The Upside of Irrationality 1 – Motivation and Meaning

Upside of Irrationality

Today’s post is our first visit to Dan Ariely’s second book – The Upside of Irrationality.

Procrastination and Side Effects

Dan starts the book with a story about the time he got hepatitis from a blood transfusion whilst in hospital for his burns.

At the time the doctors didn’t know which type of hepatitis Dan had, only that it wasn’t A or B.

  • Eight years later he had a flare-up and found out he had type C, which had recently been discovered.

There was also a new drug (interferon) and Dan became part of an experimental study.

  • The drug made him sick for some hours after each injection, which led to procrastination over injecting himself.

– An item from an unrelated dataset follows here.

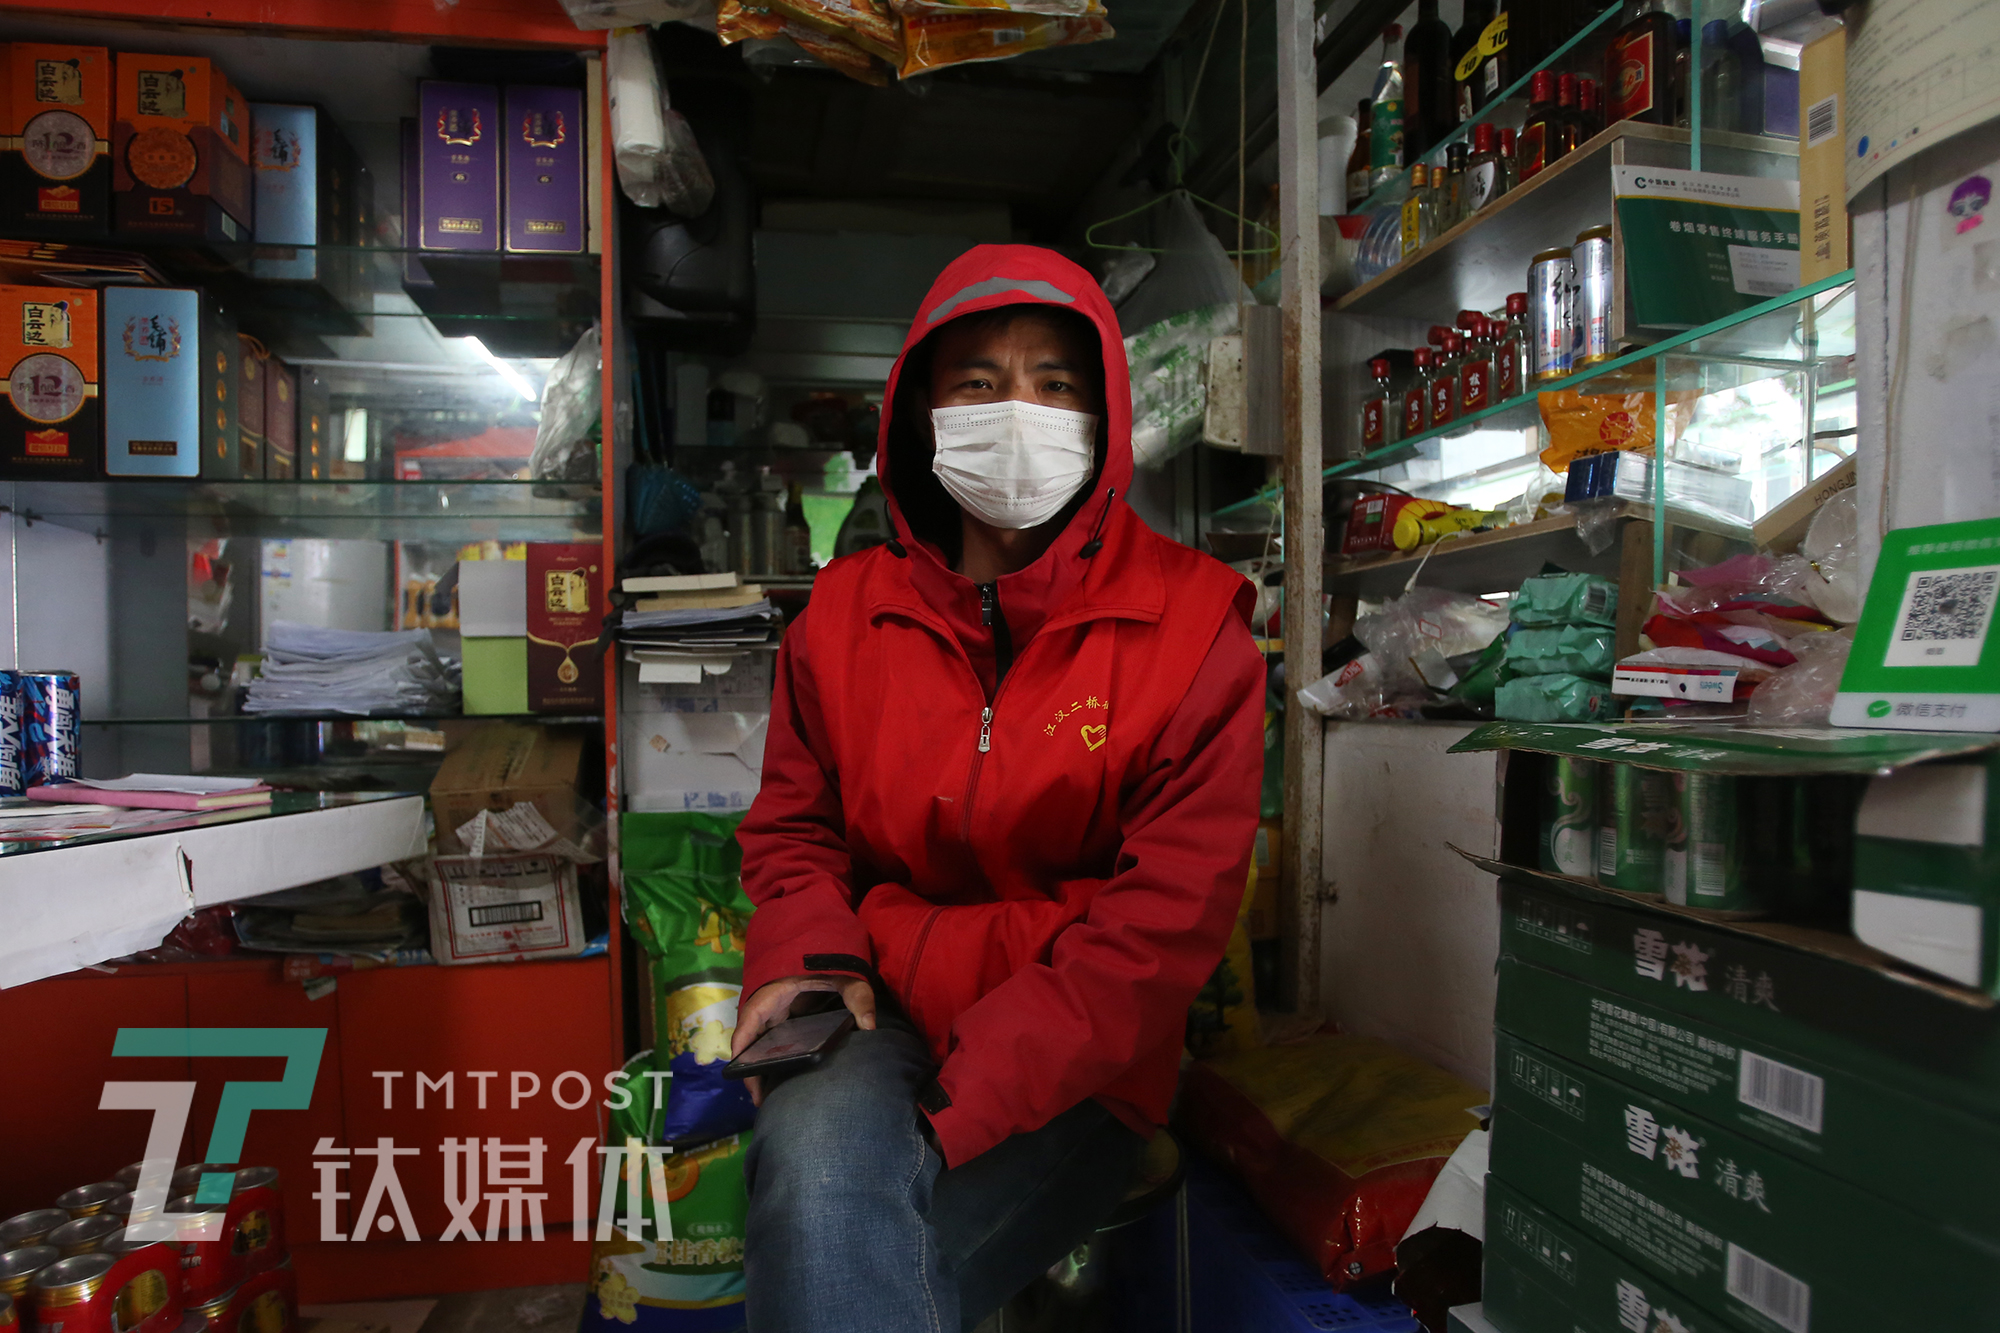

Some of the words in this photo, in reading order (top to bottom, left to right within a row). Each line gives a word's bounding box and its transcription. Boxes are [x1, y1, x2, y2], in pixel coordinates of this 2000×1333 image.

At the end of the eighteen-month trial, the doctors told me that the treatment was successful and that I was the only patient in the protocol who had always taken the interferon as prescribed. Everyone else in the study had skipped the medication numerous times.

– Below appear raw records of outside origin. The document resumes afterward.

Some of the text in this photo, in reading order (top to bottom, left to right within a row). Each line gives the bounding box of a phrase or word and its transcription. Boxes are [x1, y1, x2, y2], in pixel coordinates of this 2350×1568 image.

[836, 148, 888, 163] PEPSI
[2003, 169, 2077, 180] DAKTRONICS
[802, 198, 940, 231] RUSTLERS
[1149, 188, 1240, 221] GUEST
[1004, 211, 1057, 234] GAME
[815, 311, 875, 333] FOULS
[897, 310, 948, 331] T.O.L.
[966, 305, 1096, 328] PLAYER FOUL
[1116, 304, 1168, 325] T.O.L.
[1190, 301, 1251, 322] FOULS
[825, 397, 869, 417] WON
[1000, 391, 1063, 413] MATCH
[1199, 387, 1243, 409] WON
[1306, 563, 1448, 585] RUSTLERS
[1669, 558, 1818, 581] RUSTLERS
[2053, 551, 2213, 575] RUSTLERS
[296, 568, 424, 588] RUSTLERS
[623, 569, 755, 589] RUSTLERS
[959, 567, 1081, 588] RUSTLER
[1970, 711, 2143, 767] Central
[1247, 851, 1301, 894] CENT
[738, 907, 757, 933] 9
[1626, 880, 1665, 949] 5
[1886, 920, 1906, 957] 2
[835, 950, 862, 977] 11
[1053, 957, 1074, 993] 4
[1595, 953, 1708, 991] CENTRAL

Dan used movies to motivate himself – he would watch one after each injection (since watching a screen was about all he could do while nauseous.

All of us have important tasks that we would rather avoid. Sadly, most of us often prefer immediately gratifying short-term experiences over our long-term objectives.

We’re back to Dan’s central theme that humans aren’t rational and don’t always do what is best for them.

  • He bemoans the lack of safety measures in the financial markets in comparison with those in the driving ecosystem (he is writing soon after the 2008 crash).
  • He notes the downsides of potentially useful technologies like smartphones and food productivity (distraction and obesity, respectively).

He sets out the goal of behavioural economics as:

To understand human frailty and to find more compassionate, realistic, and effective ways for people to avoid temptation, exert more self-control, and ultimately reach their long-term goals.


In Chapter 1, Dan looks at motivation, starting with lab rats who have to learn which parts of a new daily maze are wired for electric shocks.

  • The original experiment sought to establish a link between the intensity of the shocks and the speed of learning.

Similar logic is used to justify large bonuses for CEOs.

What happened with the rats was that up to a point, bigger shocks meant faster learning.

  • But very large shocks led to a reduction in performance – the rats became paralysed by fear.

Incentives can be a double-edged sword. Up to a certain point, they motivate us to learn and perform well. But beyond that point, motivational pressure can be so high that it actually distracts an individual from concentrating on and carrying out a task.

So Dan designed an experiment to test the impact of bonuses.

  • To keep the budget down, he ran the experiment in villages in India, where monthly spending averaged $11.

Some subjects could earn a day’s pay as a bonus, some two weeks’ pay and some five months’ pay.

  • Subjects were allocated randomly to one of the groups (by rolling a die).

The tasks used involved creativity and problem-solving, rather than pure effort.

  • Dan anticipated that large bonuses would work well for simple, mechanical tasks, and would not backfire.

Here are the six tasks they used:

Bonus tasks

The base pay was received for achieving a medium performance in the task, with the bonus reserved for good performance.

  • Poor performance meant no pay at all.

Bonus results

We found that those who could earn a small bonus [or] the medium-level bonus did not differ much from each other. We concluded that since even our small payment was worth a substantial amount to our participants, it probably already maximized their motivation. Those who stood to earn the most demonstrated the lowest level of performance.

The impaired performance was present across all tasks, including the simpler ones (Dart Ball and Roll-Up).

Dan had hoped to increase incentives by adding loss aversion to the experiment.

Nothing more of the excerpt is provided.